▸ Your assignment:
Your answer should consist only of the lines from the line containing "this 2212×1659 image." through the last line below, each repeated exactly.

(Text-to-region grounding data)

+--

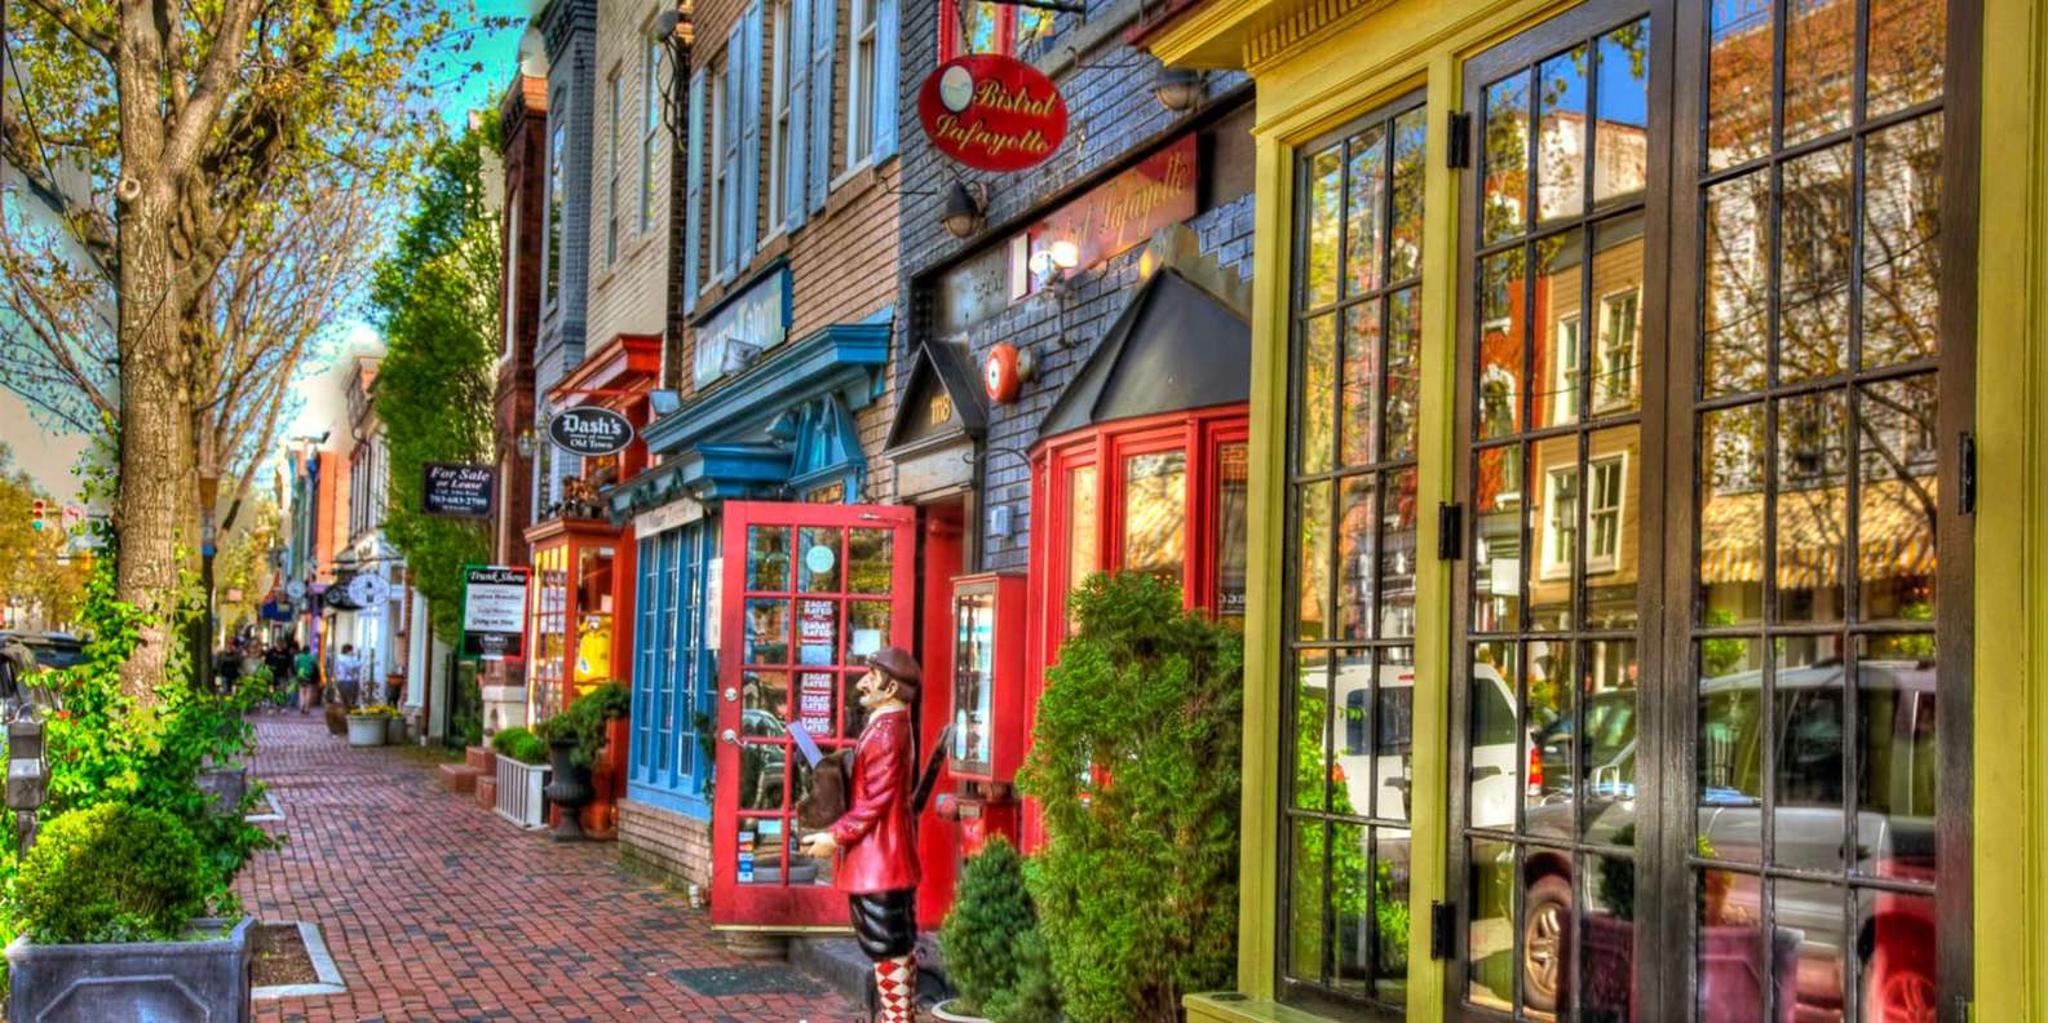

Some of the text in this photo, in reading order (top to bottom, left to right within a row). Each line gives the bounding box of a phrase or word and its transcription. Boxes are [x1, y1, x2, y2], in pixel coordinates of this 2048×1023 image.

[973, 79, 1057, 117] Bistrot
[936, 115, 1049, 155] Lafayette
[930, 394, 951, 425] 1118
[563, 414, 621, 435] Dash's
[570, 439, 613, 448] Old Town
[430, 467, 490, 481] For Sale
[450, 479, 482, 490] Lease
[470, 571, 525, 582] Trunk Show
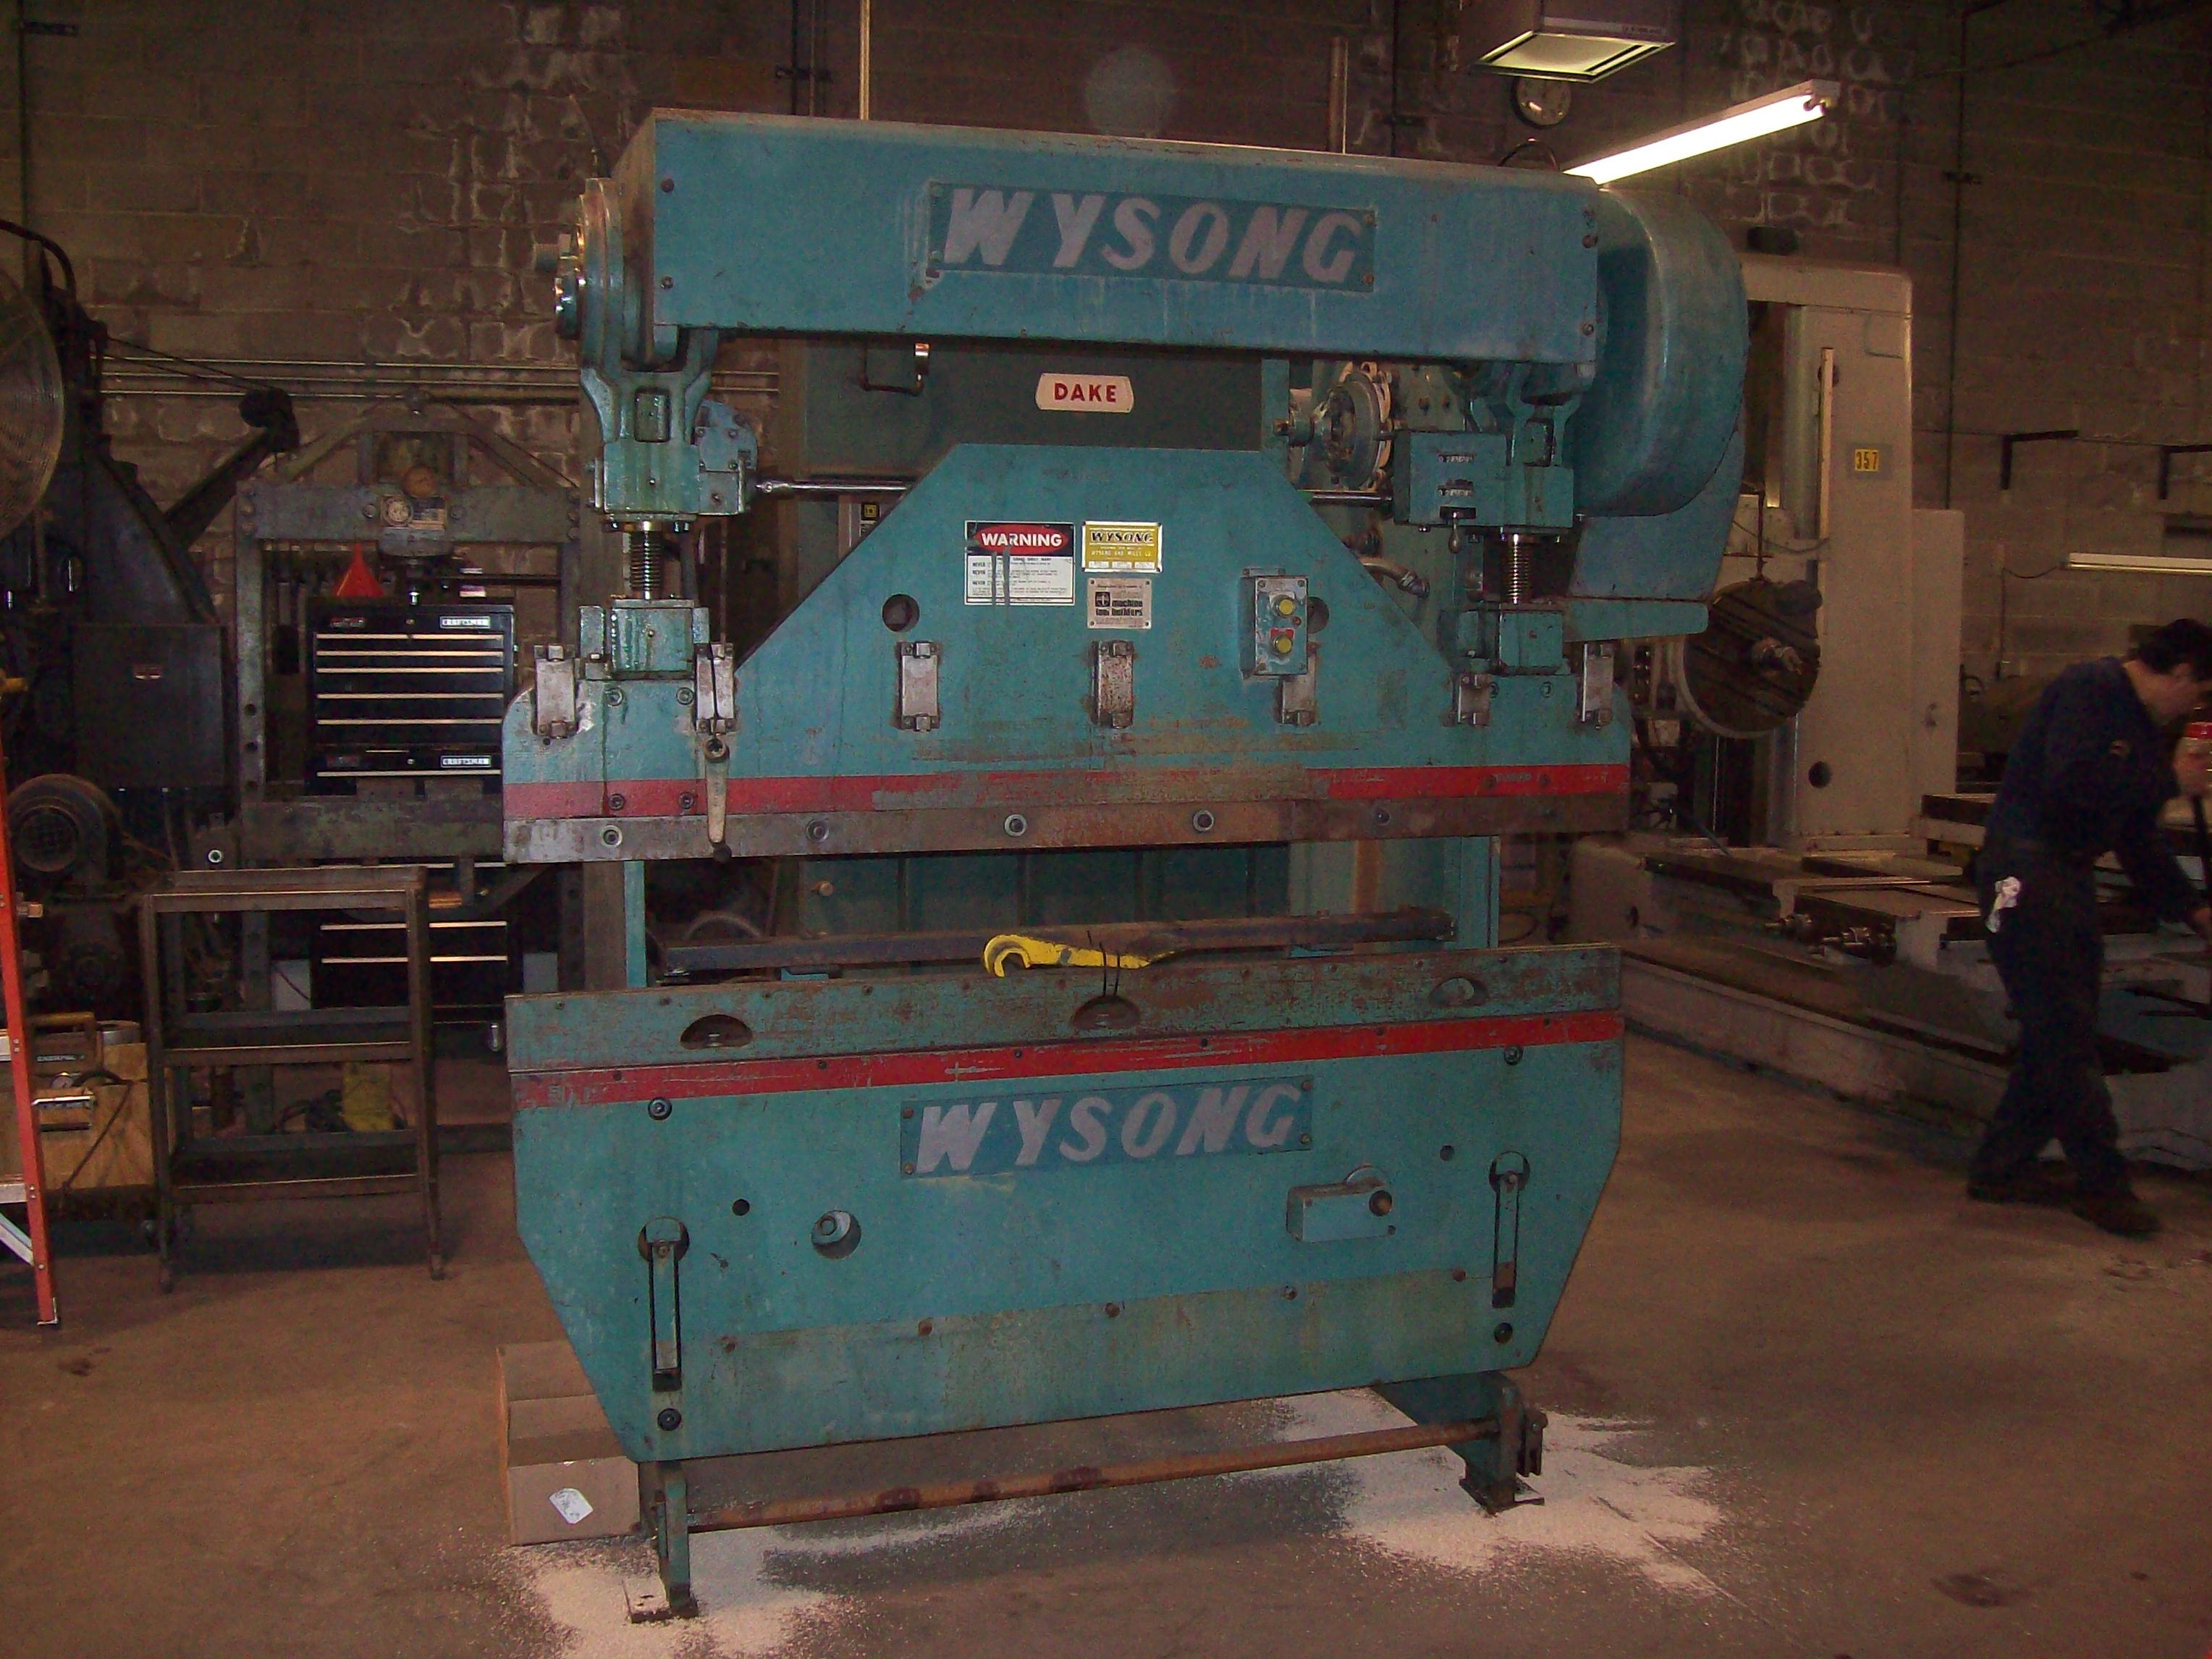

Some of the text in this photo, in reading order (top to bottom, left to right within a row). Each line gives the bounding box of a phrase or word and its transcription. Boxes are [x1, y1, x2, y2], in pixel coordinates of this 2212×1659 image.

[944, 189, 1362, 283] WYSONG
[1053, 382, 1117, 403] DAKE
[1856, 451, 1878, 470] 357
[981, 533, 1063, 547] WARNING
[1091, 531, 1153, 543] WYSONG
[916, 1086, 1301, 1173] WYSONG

+--

▸ Reply:
Some of the text in this photo, in reading order (top to bottom, left to right within a row). Each line gives the bounding box of a phrase or word and its transcription. Boxes are [x1, y1, x2, y2], in pixel coordinates of this 2212×1659 image.

[944, 189, 1362, 283] WYSONG
[1053, 382, 1117, 403] DAKE
[1856, 451, 1878, 470] 357
[981, 533, 1063, 547] WARNING
[1091, 531, 1153, 543] WYSONG
[916, 1086, 1301, 1173] WYSONG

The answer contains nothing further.